PROBLEM REQUIREMENTS: The expected response is an exact repetition of every record, with images excluded.

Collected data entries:

----------------

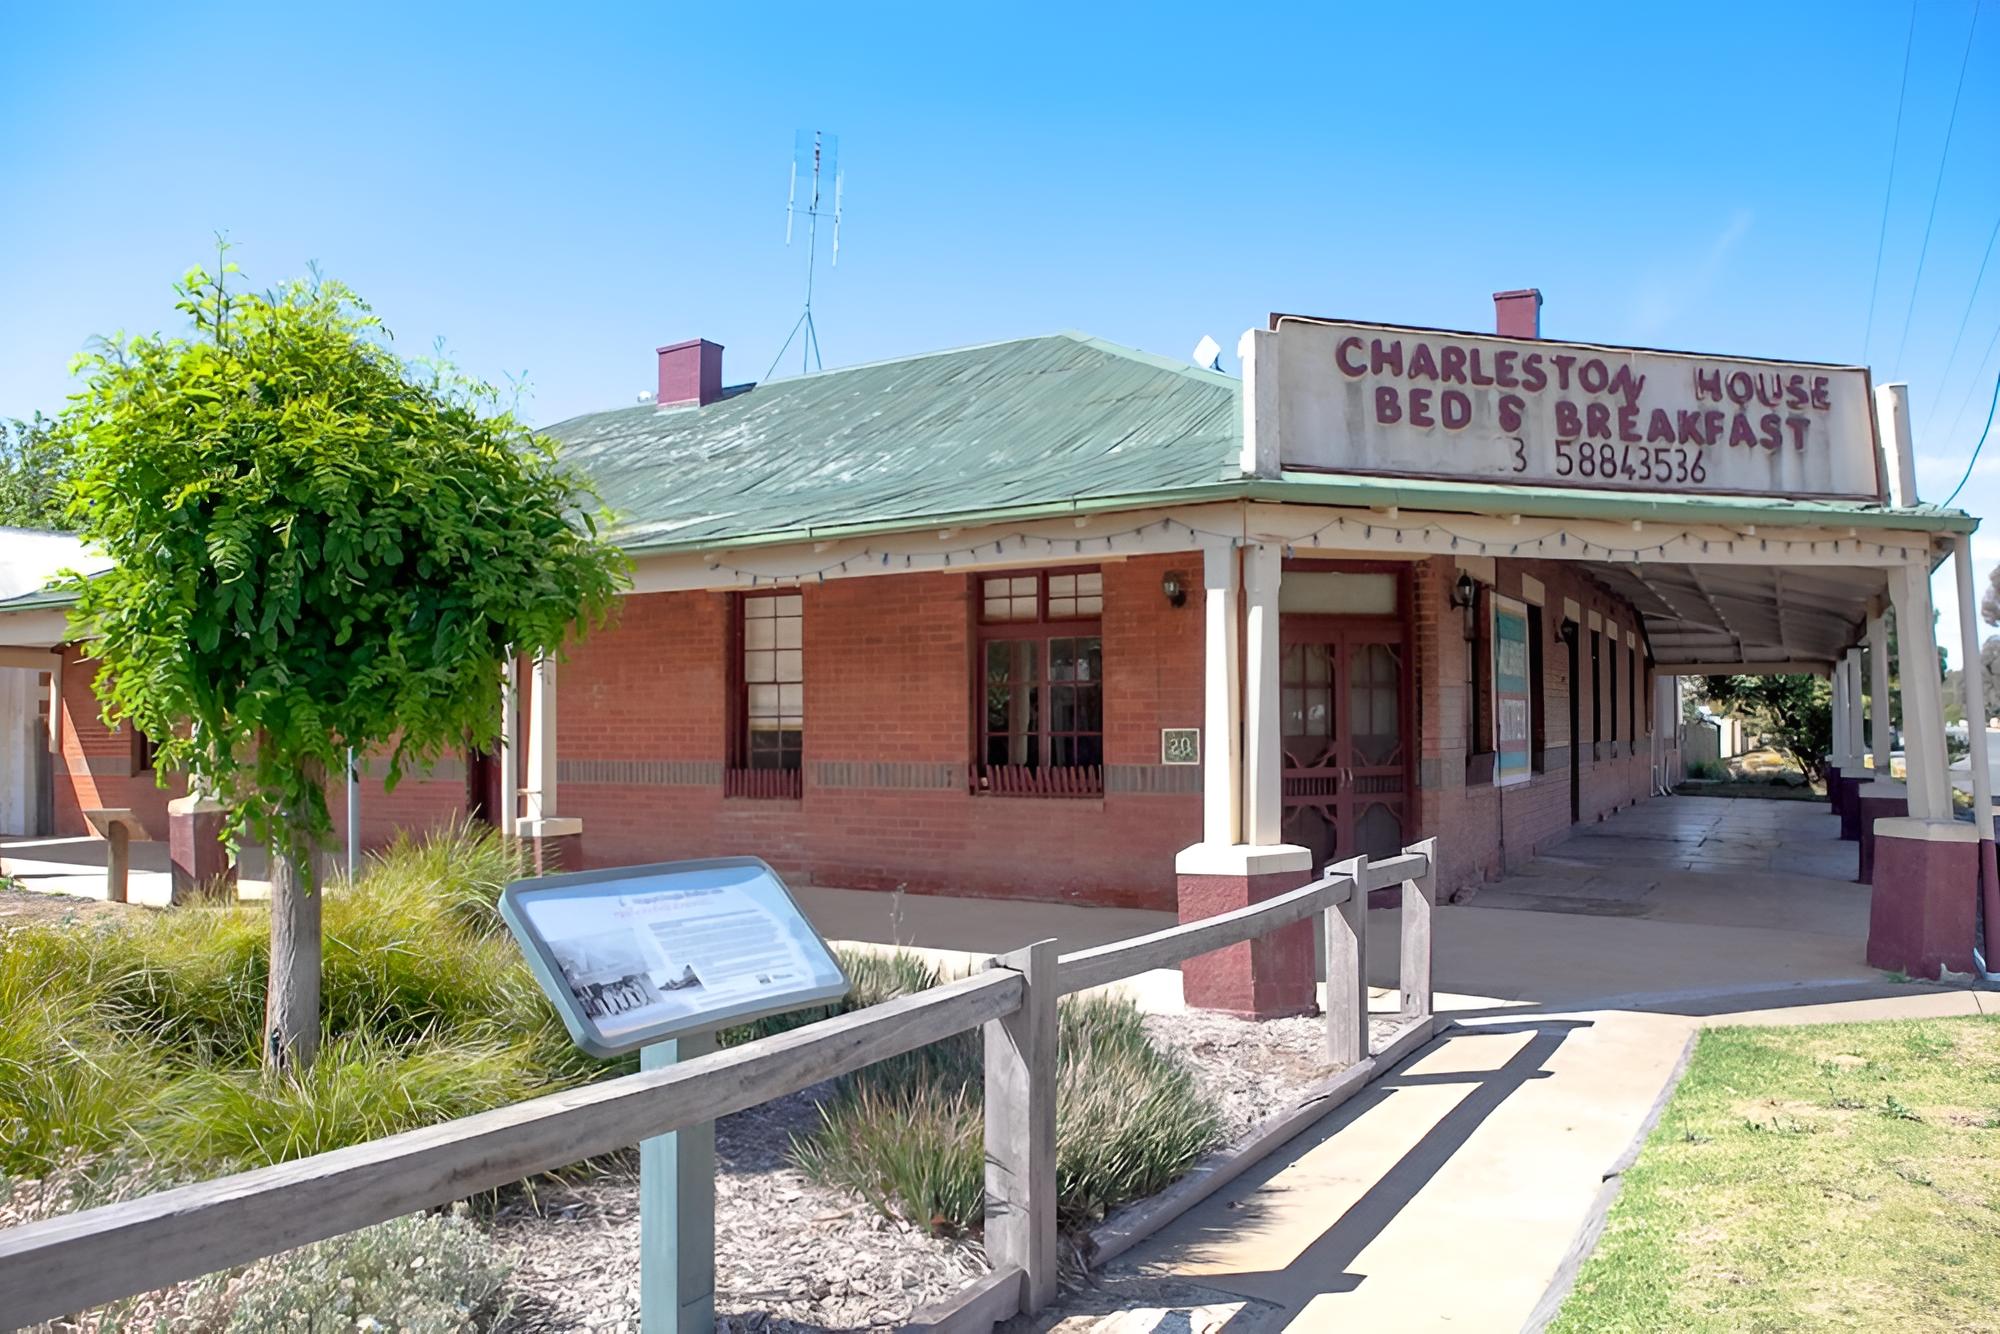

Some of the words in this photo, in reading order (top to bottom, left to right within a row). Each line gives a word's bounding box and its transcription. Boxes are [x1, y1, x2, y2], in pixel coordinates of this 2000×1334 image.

[1335, 336, 1646, 402] CHARLESTON
[1694, 367, 1831, 411] HOUSE
[1375, 386, 1471, 430] BED
[1555, 400, 1811, 451] BREAKFAST
[1555, 440, 1707, 484] 58843536

----------------

RESPONSE BOX:
Some of the words in this photo, in reading order (top to bottom, left to right within a row). Each line gives a word's bounding box and its transcription. Boxes are [x1, y1, x2, y2], in pixel coordinates of this 2000×1334 image.

[1335, 336, 1646, 402] CHARLESTON
[1694, 367, 1831, 411] HOUSE
[1375, 386, 1471, 430] BED
[1555, 400, 1811, 451] BREAKFAST
[1555, 440, 1707, 484] 58843536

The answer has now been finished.